[Dataset excerpts — start]
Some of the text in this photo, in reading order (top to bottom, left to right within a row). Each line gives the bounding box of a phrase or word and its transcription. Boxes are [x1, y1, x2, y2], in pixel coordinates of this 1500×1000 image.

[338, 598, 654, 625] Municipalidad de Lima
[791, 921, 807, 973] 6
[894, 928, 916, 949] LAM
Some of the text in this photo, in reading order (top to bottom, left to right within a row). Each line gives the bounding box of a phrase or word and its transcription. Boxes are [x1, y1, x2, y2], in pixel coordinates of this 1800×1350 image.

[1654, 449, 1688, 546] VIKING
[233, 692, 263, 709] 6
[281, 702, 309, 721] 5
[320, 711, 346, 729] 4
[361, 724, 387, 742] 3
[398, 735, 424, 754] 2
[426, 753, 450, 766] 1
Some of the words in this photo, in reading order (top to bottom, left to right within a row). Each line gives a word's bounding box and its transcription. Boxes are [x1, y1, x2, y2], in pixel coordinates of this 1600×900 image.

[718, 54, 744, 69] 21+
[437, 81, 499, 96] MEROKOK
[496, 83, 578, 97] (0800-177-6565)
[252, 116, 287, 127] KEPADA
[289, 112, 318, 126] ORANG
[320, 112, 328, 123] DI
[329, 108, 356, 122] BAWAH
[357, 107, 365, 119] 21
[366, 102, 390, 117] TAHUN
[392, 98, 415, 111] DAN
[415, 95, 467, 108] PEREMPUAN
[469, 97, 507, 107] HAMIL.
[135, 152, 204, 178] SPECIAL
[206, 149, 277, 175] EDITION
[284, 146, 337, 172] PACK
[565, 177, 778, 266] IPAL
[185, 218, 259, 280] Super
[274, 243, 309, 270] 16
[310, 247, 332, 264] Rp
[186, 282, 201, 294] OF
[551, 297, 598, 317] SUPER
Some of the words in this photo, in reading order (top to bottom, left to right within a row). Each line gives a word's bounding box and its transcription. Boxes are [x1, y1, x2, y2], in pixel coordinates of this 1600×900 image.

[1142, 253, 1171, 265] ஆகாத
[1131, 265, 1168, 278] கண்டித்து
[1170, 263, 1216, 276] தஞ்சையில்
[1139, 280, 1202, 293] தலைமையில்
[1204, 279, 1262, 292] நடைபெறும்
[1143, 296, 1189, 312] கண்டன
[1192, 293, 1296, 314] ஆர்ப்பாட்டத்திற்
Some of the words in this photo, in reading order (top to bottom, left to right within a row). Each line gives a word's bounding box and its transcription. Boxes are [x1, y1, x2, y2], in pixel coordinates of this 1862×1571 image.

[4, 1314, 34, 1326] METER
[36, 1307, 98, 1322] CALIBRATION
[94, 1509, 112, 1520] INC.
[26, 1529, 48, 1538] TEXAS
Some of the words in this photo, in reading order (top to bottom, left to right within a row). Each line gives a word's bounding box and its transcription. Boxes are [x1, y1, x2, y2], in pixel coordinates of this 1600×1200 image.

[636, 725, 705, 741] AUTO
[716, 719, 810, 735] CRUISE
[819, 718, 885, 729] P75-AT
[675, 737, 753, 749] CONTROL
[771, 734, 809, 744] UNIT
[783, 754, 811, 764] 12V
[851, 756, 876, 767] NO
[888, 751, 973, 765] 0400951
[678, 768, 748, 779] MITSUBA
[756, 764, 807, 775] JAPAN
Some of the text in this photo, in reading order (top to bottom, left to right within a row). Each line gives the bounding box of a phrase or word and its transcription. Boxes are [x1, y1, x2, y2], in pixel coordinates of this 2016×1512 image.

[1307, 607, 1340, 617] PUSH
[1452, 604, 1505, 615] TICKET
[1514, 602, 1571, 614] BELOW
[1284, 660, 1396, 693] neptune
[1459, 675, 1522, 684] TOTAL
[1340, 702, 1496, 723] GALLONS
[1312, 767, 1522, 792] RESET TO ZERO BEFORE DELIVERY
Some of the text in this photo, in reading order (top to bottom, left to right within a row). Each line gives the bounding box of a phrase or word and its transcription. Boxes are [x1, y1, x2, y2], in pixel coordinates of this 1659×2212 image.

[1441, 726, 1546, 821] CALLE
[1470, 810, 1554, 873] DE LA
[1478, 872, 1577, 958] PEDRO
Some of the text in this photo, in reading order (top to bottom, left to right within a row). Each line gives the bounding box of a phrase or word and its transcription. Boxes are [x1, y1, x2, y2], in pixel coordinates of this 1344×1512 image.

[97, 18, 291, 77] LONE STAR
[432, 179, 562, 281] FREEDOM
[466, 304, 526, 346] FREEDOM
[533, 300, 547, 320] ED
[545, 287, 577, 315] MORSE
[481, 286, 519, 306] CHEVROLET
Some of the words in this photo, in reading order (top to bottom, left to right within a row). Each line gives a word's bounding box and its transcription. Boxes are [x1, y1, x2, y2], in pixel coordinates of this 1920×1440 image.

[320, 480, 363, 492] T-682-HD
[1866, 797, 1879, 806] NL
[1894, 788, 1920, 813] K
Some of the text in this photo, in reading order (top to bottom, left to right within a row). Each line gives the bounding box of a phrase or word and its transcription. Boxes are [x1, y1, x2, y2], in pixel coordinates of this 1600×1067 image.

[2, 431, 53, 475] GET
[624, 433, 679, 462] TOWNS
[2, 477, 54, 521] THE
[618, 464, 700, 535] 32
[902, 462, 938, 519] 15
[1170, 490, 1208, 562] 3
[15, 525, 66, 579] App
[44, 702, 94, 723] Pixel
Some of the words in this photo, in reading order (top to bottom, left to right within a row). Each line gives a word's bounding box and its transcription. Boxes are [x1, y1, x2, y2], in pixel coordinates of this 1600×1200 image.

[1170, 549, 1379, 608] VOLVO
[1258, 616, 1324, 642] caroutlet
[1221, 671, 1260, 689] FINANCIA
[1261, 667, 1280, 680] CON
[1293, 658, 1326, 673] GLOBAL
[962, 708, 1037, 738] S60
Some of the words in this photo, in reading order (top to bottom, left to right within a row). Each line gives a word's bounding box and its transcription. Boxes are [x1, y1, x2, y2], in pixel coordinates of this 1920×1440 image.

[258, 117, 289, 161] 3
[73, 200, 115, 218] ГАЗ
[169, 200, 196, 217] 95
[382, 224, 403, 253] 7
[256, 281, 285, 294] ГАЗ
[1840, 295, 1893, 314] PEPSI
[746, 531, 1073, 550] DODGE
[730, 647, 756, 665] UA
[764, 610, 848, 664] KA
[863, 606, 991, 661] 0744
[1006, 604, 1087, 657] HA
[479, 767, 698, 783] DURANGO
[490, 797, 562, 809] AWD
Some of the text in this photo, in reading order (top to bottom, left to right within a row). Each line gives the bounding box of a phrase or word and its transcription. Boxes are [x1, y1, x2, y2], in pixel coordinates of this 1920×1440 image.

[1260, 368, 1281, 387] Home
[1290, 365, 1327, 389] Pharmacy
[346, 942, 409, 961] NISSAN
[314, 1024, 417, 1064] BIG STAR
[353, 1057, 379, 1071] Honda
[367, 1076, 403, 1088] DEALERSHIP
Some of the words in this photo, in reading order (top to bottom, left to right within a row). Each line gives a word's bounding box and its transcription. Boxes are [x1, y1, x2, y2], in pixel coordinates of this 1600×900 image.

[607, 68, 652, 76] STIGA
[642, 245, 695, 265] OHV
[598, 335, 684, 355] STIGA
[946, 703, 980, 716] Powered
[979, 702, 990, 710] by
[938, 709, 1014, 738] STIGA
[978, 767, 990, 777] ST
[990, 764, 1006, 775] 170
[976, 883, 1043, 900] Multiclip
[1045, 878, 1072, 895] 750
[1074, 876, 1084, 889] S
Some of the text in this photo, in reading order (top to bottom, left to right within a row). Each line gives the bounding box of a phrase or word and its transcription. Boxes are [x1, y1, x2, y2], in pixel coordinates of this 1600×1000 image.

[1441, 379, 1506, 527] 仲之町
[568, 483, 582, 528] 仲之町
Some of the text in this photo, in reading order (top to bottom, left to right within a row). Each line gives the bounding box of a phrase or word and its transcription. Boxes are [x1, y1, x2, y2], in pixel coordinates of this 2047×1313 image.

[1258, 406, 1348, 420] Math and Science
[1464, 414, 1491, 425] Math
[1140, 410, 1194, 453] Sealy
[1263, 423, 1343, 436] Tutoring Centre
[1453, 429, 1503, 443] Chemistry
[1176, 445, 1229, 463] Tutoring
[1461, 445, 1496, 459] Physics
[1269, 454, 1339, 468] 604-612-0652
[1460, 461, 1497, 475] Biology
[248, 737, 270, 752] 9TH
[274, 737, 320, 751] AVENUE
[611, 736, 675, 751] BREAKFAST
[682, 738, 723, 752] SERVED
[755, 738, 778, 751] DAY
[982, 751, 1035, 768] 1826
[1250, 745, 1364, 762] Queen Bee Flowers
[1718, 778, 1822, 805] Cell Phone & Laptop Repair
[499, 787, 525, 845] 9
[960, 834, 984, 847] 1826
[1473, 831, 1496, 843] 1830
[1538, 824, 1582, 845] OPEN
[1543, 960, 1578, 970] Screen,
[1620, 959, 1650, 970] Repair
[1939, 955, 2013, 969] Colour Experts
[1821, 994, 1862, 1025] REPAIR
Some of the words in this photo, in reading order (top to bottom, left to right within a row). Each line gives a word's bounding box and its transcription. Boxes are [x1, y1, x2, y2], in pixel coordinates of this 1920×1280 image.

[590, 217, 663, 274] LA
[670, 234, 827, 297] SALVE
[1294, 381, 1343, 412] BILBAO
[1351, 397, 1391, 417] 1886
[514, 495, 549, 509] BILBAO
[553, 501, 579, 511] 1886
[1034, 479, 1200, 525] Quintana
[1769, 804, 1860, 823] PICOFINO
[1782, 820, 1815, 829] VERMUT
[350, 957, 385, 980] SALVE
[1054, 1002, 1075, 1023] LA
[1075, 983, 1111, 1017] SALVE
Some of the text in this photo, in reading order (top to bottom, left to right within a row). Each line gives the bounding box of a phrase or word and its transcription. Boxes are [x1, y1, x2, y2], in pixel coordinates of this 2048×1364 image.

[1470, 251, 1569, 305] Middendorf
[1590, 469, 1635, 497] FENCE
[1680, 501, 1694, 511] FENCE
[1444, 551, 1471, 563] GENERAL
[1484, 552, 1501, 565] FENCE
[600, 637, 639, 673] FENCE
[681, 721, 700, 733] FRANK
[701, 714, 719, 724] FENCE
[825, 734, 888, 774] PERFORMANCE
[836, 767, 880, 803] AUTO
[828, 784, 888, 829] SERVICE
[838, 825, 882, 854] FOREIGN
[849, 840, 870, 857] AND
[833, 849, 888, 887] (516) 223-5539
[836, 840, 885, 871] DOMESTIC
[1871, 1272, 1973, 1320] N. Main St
[Dataset excerpts — finish]
▶ _What you will do_:
Write out exactly the lines that run from the one containing "this 1920×1280 image." to the end of the records, both end lines included.

▶ _The completed task_:
Some of the words in this photo, in reading order (top to bottom, left to right within a row). Each line gives a word's bounding box and its transcription. Boxes are [x1, y1, x2, y2], in pixel coordinates of this 1920×1280 image.

[590, 217, 663, 274] LA
[670, 234, 827, 297] SALVE
[1294, 381, 1343, 412] BILBAO
[1351, 397, 1391, 417] 1886
[514, 495, 549, 509] BILBAO
[553, 501, 579, 511] 1886
[1034, 479, 1200, 525] Quintana
[1769, 804, 1860, 823] PICOFINO
[1782, 820, 1815, 829] VERMUT
[350, 957, 385, 980] SALVE
[1054, 1002, 1075, 1023] LA
[1075, 983, 1111, 1017] SALVE
Some of the text in this photo, in reading order (top to bottom, left to right within a row). Each line gives the bounding box of a phrase or word and its transcription. Boxes are [x1, y1, x2, y2], in pixel coordinates of this 2048×1364 image.

[1470, 251, 1569, 305] Middendorf
[1590, 469, 1635, 497] FENCE
[1680, 501, 1694, 511] FENCE
[1444, 551, 1471, 563] GENERAL
[1484, 552, 1501, 565] FENCE
[600, 637, 639, 673] FENCE
[681, 721, 700, 733] FRANK
[701, 714, 719, 724] FENCE
[825, 734, 888, 774] PERFORMANCE
[836, 767, 880, 803] AUTO
[828, 784, 888, 829] SERVICE
[838, 825, 882, 854] FOREIGN
[849, 840, 870, 857] AND
[833, 849, 888, 887] (516) 223-5539
[836, 840, 885, 871] DOMESTIC
[1871, 1272, 1973, 1320] N. Main St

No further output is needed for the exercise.